Spatial localization data:
================

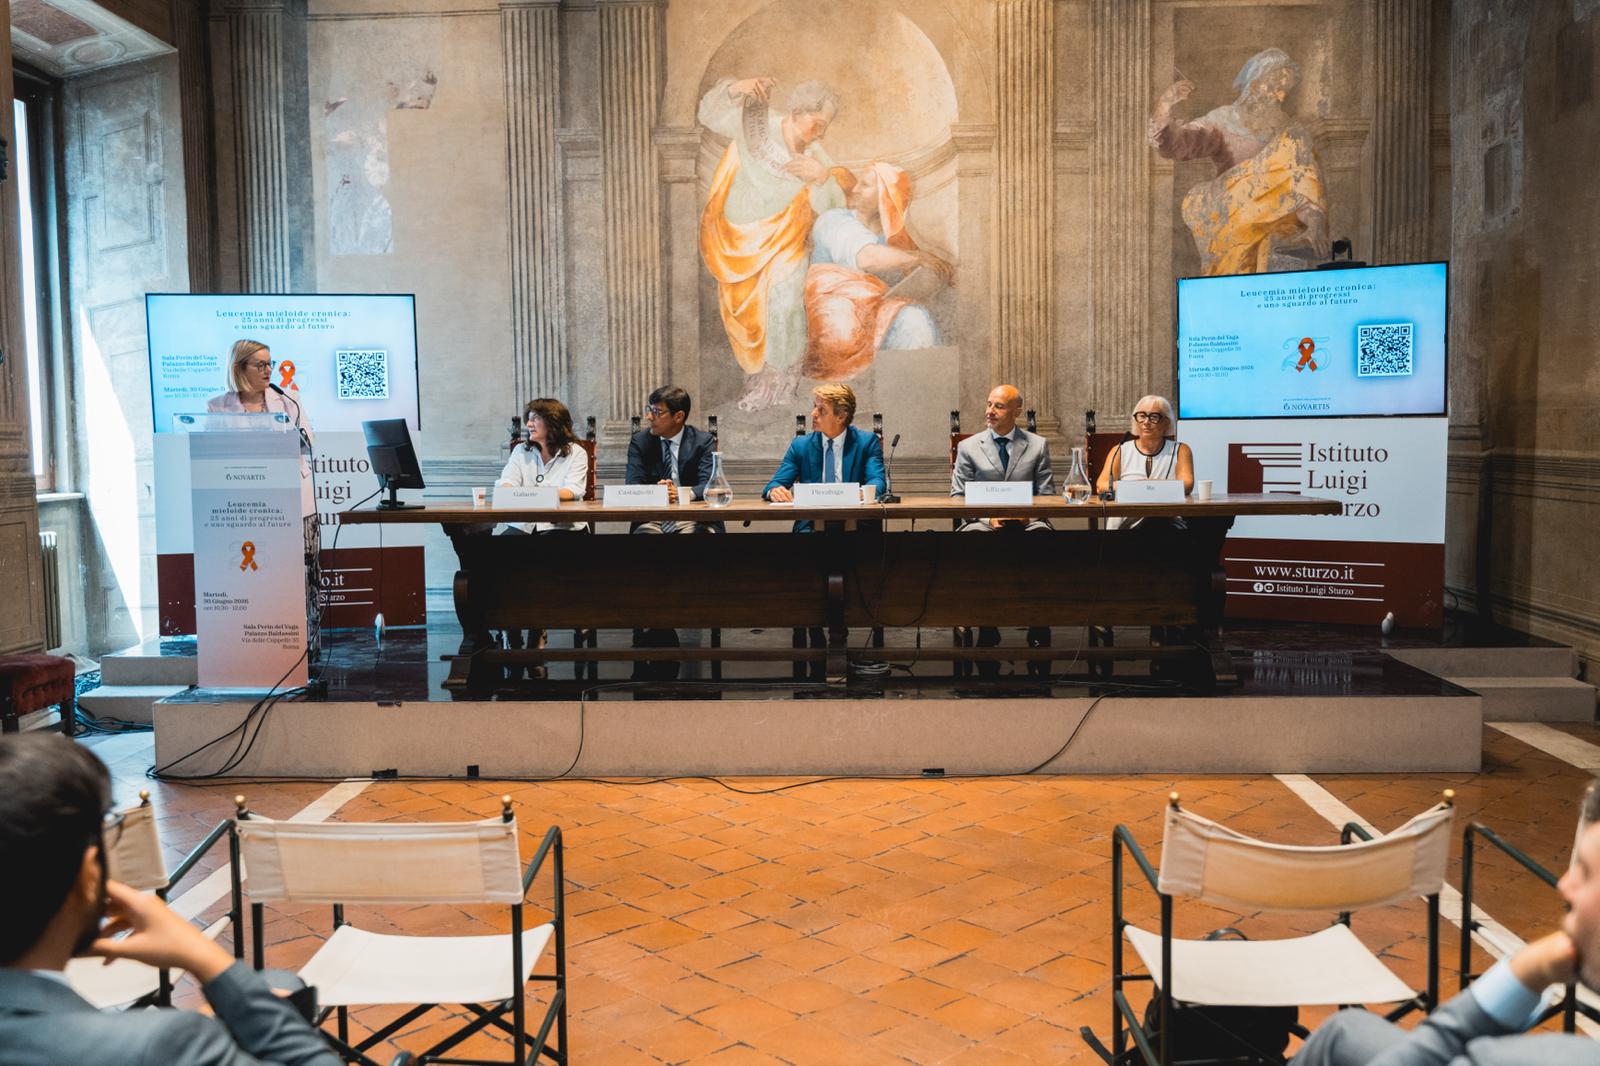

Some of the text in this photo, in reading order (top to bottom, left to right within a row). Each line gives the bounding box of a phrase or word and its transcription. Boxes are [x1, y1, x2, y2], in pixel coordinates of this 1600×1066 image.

[1240, 284, 1376, 298] Leucemia mieloide cronica:
[1310, 292, 1350, 300] progressi
[1282, 300, 1316, 308] sguardo
[1308, 442, 1389, 463] Istituto
[313, 454, 370, 473] tituto
[1307, 470, 1368, 495] Luigi
[316, 480, 352, 505] uigi
[1254, 566, 1354, 580] www.sturzo.it
[1276, 583, 1354, 596] Istituto Luigi Sturzo
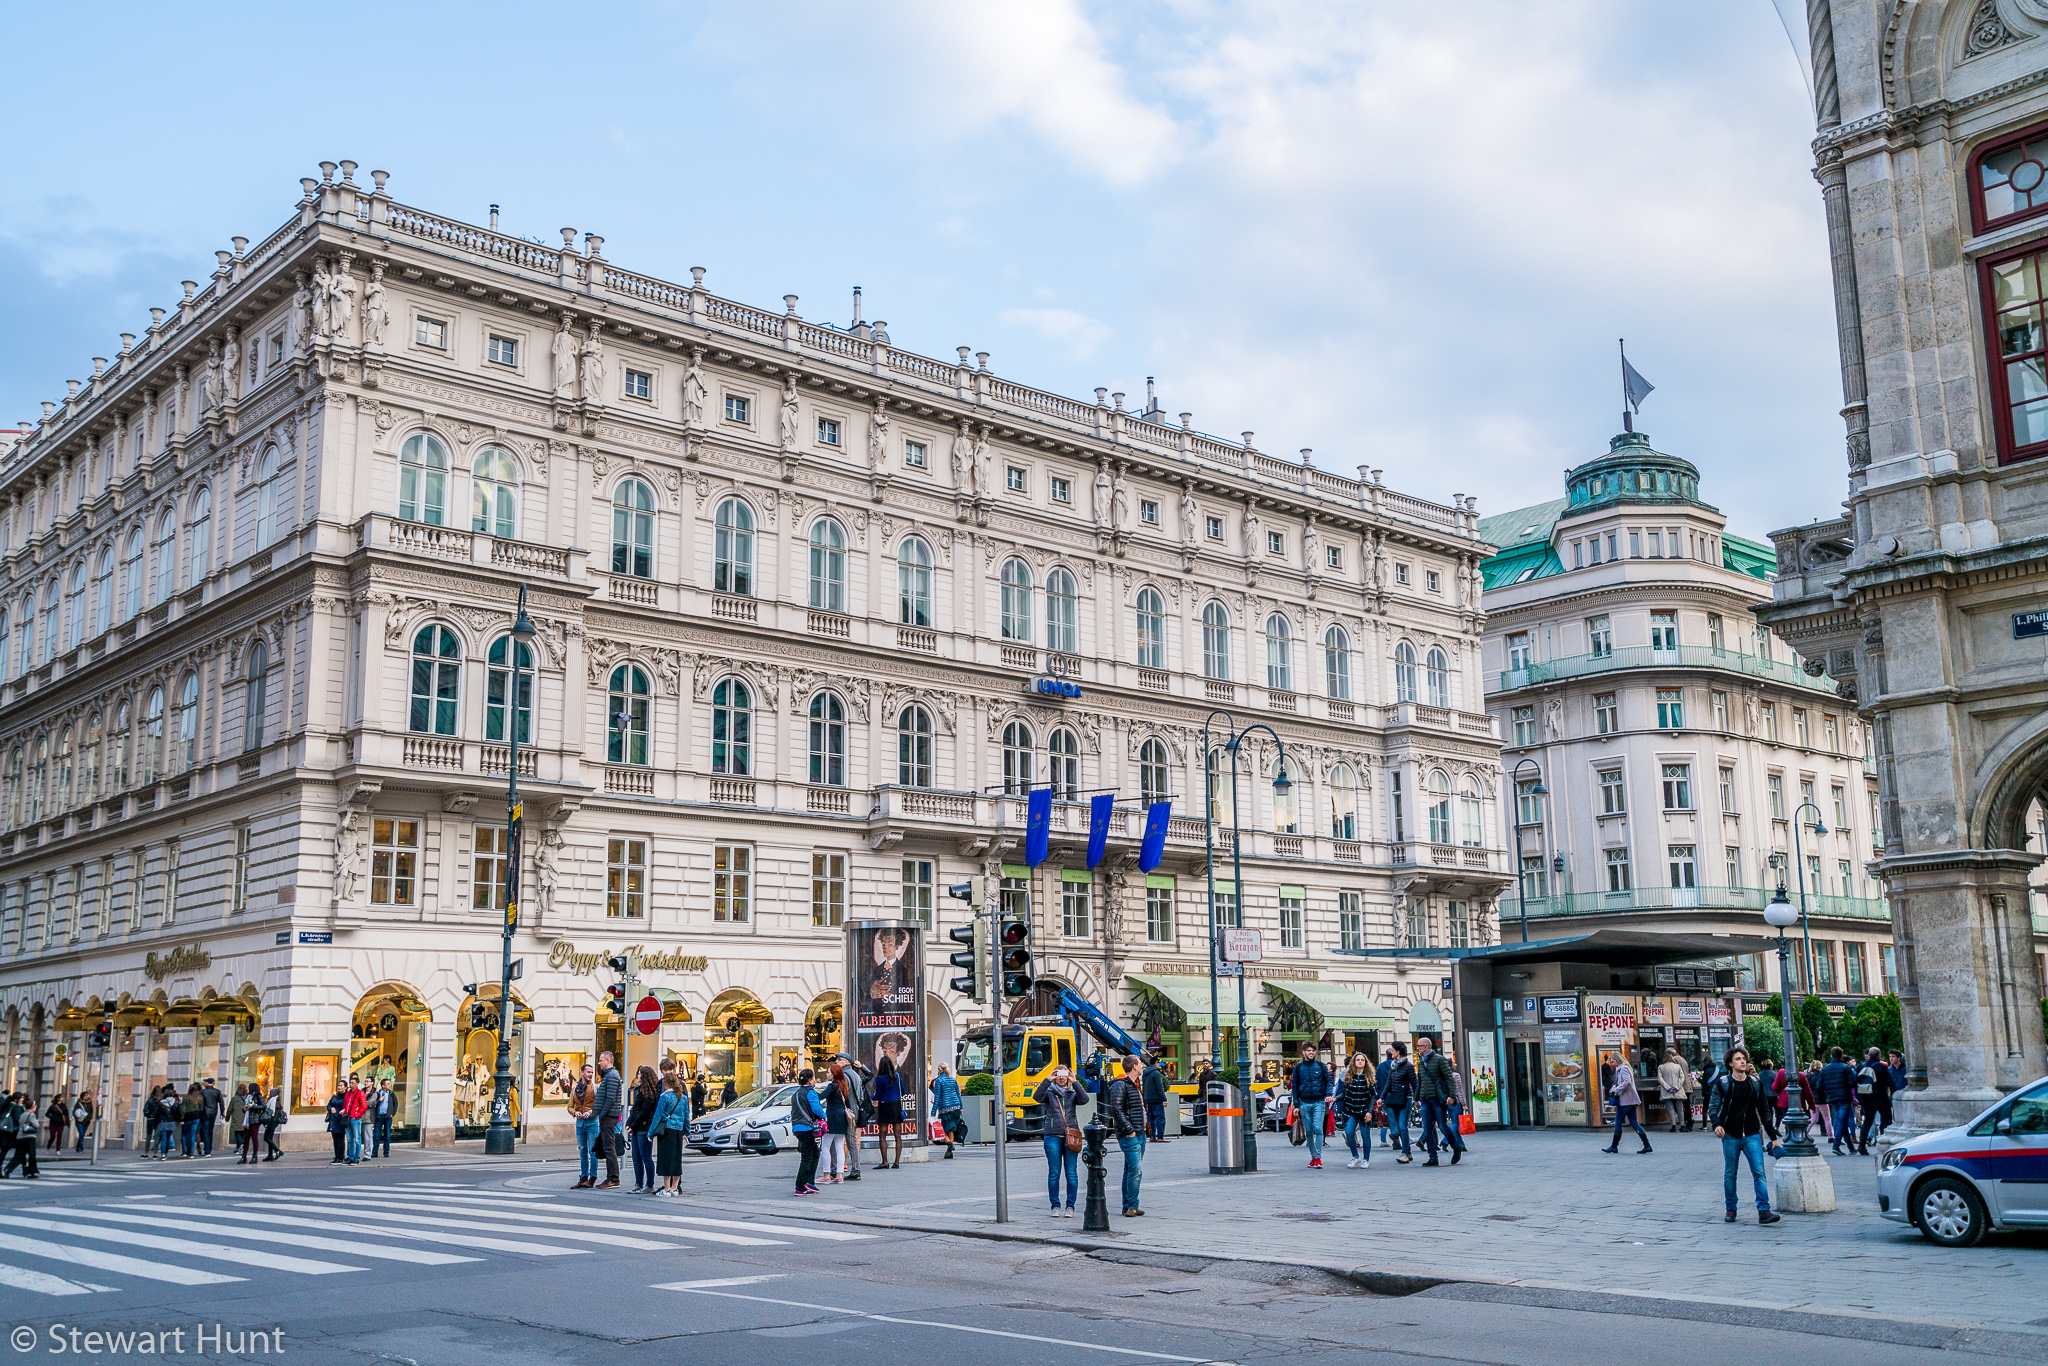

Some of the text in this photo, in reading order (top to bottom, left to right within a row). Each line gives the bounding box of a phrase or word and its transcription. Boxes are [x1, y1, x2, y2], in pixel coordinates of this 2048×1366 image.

[1040, 678, 1082, 697] UNIQA
[547, 940, 600, 976] Popp
[883, 994, 914, 1004] SCHIELE
[1587, 1001, 1604, 1015] Don
[1605, 1001, 1635, 1015] Camillo
[1685, 1008, 1700, 1016] 58885
[1749, 1004, 1762, 1012] LOVE
[858, 1015, 916, 1027] ALBERTINA
[902, 1101, 916, 1110] IELE
[861, 1123, 917, 1135] ALBRINA
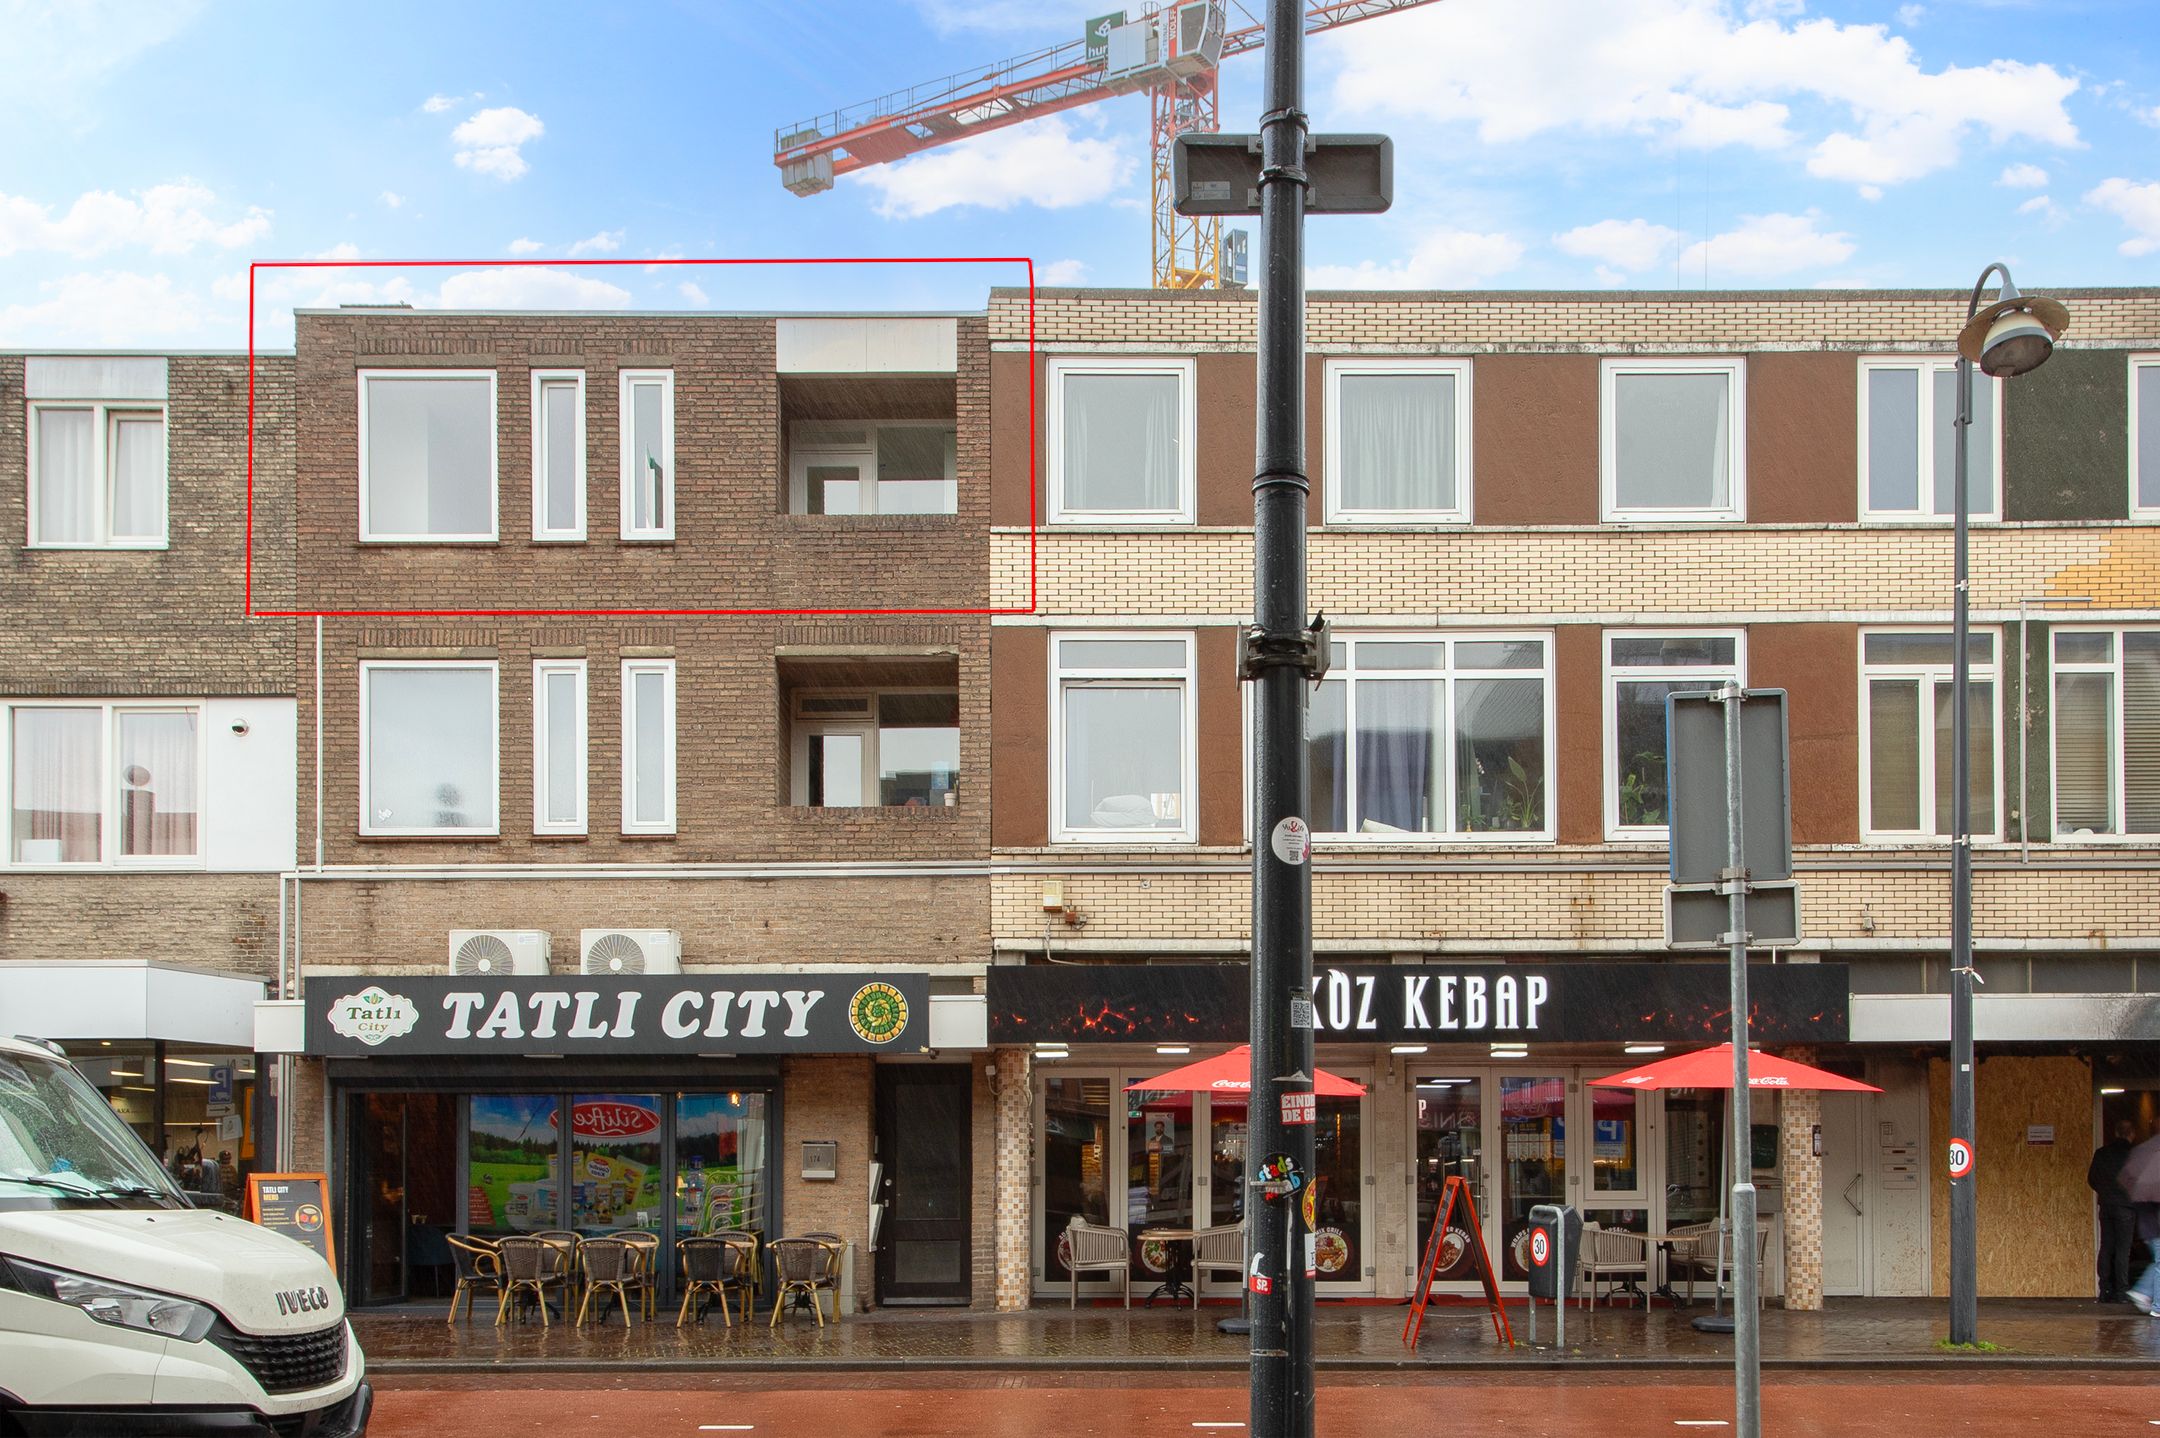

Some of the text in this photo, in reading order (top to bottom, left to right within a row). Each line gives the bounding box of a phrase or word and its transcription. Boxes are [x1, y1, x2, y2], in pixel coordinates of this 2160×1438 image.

[1168, 8, 1177, 40] WOLFF
[1088, 45, 1108, 58] hur
[1403, 975, 1548, 1030] KEBAP
[442, 990, 825, 1039] TATLI CITY
[358, 1022, 389, 1032] City
[1282, 1109, 1301, 1122] DE
[1326, 1227, 1343, 1236] GRILL
[1510, 1229, 1527, 1248] WRAPS
[1534, 1239, 1545, 1255] 30
[275, 1286, 329, 1316] IVECO

================

Your task
The answer must be an exact reproduction of the records, with every picture left out.

Reply to the exercise
Some of the text in this photo, in reading order (top to bottom, left to right within a row). Each line gives the bounding box of a phrase or word and its transcription. Boxes are [x1, y1, x2, y2], in pixel coordinates of this 1600×1066 image.

[1240, 284, 1376, 298] Leucemia mieloide cronica:
[1310, 292, 1350, 300] progressi
[1282, 300, 1316, 308] sguardo
[1308, 442, 1389, 463] Istituto
[313, 454, 370, 473] tituto
[1307, 470, 1368, 495] Luigi
[316, 480, 352, 505] uigi
[1254, 566, 1354, 580] www.sturzo.it
[1276, 583, 1354, 596] Istituto Luigi Sturzo

Some of the text in this photo, in reading order (top to bottom, left to right within a row). Each line gives the bounding box of a phrase or word and its transcription. Boxes are [x1, y1, x2, y2], in pixel coordinates of this 2048×1366 image.

[1040, 678, 1082, 697] UNIQA
[547, 940, 600, 976] Popp
[883, 994, 914, 1004] SCHIELE
[1587, 1001, 1604, 1015] Don
[1605, 1001, 1635, 1015] Camillo
[1685, 1008, 1700, 1016] 58885
[1749, 1004, 1762, 1012] LOVE
[858, 1015, 916, 1027] ALBERTINA
[902, 1101, 916, 1110] IELE
[861, 1123, 917, 1135] ALBRINA

Some of the text in this photo, in reading order (top to bottom, left to right within a row). Each line gives the bounding box of a phrase or word and its transcription. Boxes are [x1, y1, x2, y2], in pixel coordinates of this 2160×1438 image.

[1168, 8, 1177, 40] WOLFF
[1088, 45, 1108, 58] hur
[1403, 975, 1548, 1030] KEBAP
[442, 990, 825, 1039] TATLI CITY
[358, 1022, 389, 1032] City
[1282, 1109, 1301, 1122] DE
[1326, 1227, 1343, 1236] GRILL
[1510, 1229, 1527, 1248] WRAPS
[1534, 1239, 1545, 1255] 30
[275, 1286, 329, 1316] IVECO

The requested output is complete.